No, this is old-fashioned film-making which appeals to older audiences and those with a romantic vein.
It boasts a good cast, a chance to see Shirley MacLaine in her early 70s doing her acerbic thing and Christopher Plummer, nearer to 80, exerting his charm.
Actually, the plot is quite complicated. There are two time eras, the 1940s and the 1990s and there are two place settings, the Michigan and Belfast.
The film moves from place to place, time to time with plenty of flashbacks.
It is a bit like the cyclic indication of the title. We move around the ring and finally it is closed.
In the 1940s, three young men are great friends, enlist together after Pearl Harbour, train together and go on flying missions to Europe.
At the centre of this circle is Ethel Ann (Mischa Barton) who loves one of the three, promising to love him forever.
Caring for Ethel Ann, he asks one of his friends to look after her if anything should happen to him.
This leads to some complications after the war and its effect on the older Ethel Ann (Shirley MacLaine).
In the meantime in Belfast, people have to shelter from raids. The IRA is active and the British troops watchful.

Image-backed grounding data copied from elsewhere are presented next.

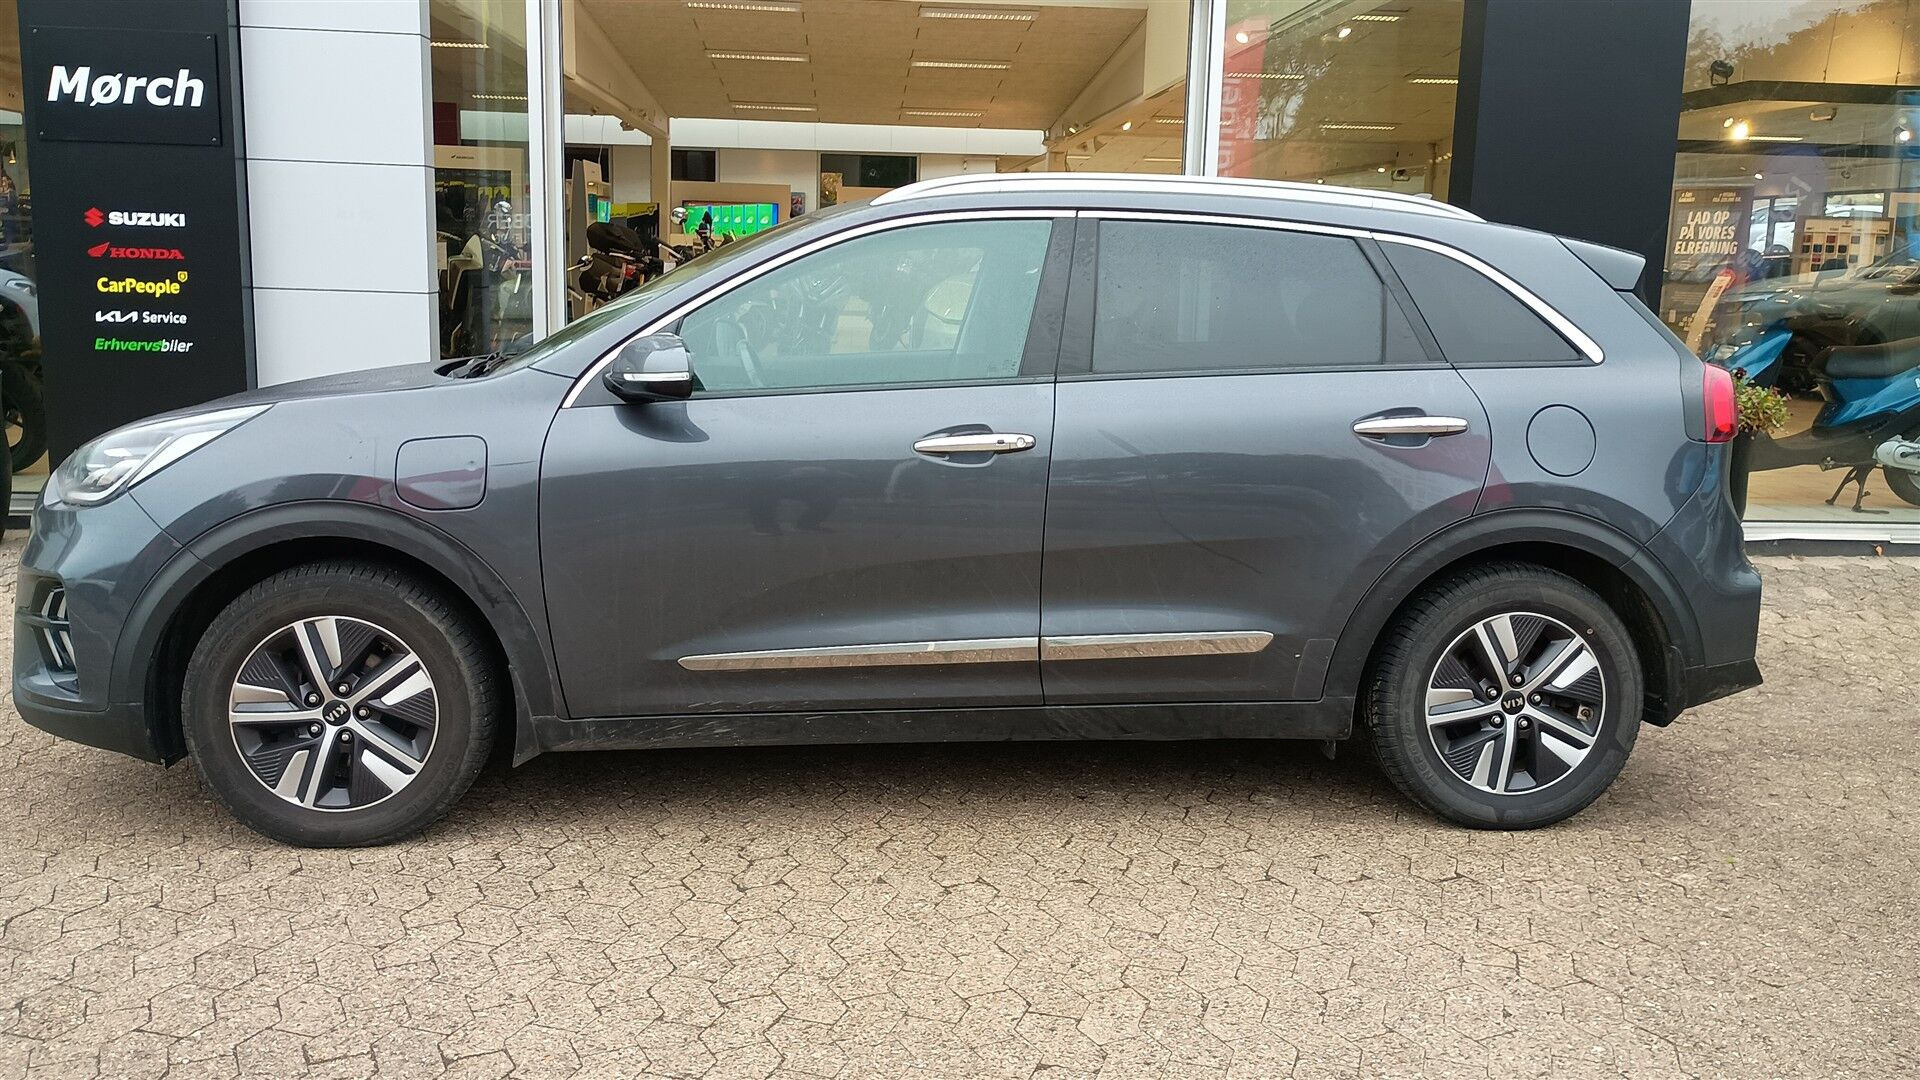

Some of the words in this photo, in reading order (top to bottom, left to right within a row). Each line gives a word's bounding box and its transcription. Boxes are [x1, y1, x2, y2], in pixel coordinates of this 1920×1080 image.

[48, 65, 205, 107] Mørch
[108, 211, 186, 227] SUZUKI
[1687, 211, 1711, 225] LAD
[1713, 211, 1730, 225] OP
[1679, 223, 1695, 239] PÅ
[1698, 225, 1736, 240] VORES
[109, 247, 185, 260] HONDA
[1674, 241, 1739, 255] ELREGNING
[97, 277, 180, 297] CarPeople
[142, 311, 187, 324] Service
[95, 338, 194, 352] Erhvervsbiler
[1503, 697, 1524, 709] KIA
[325, 704, 347, 722] KIA

Then the good-time Americans come.
In the 1990s, the young Belfast fireman from the 1940s (Pete Postlethwaite) continues to dig on the mountainside at the edge of the city, helped by an exuberant young man (Martin McCann) who finds Ethel Ann’s ring.
As might be imagined, this opens up all the memories, probes into the secrets, especially for the only surviving pilot friend (Christopher Plummer) and Ethel Ann’s daughter, Marie (Neve Campbell).
A visit to Belfast and an experience of terrorist bombs lead to some resolution of the events which have bedevilled the characters for almost 50 years.
Despite the time and place shifts, this is plain and classic storytelling.
Definitely not for those with Tarantino sensibilities, this provides entertainment and some emotions for those who like the old-style films.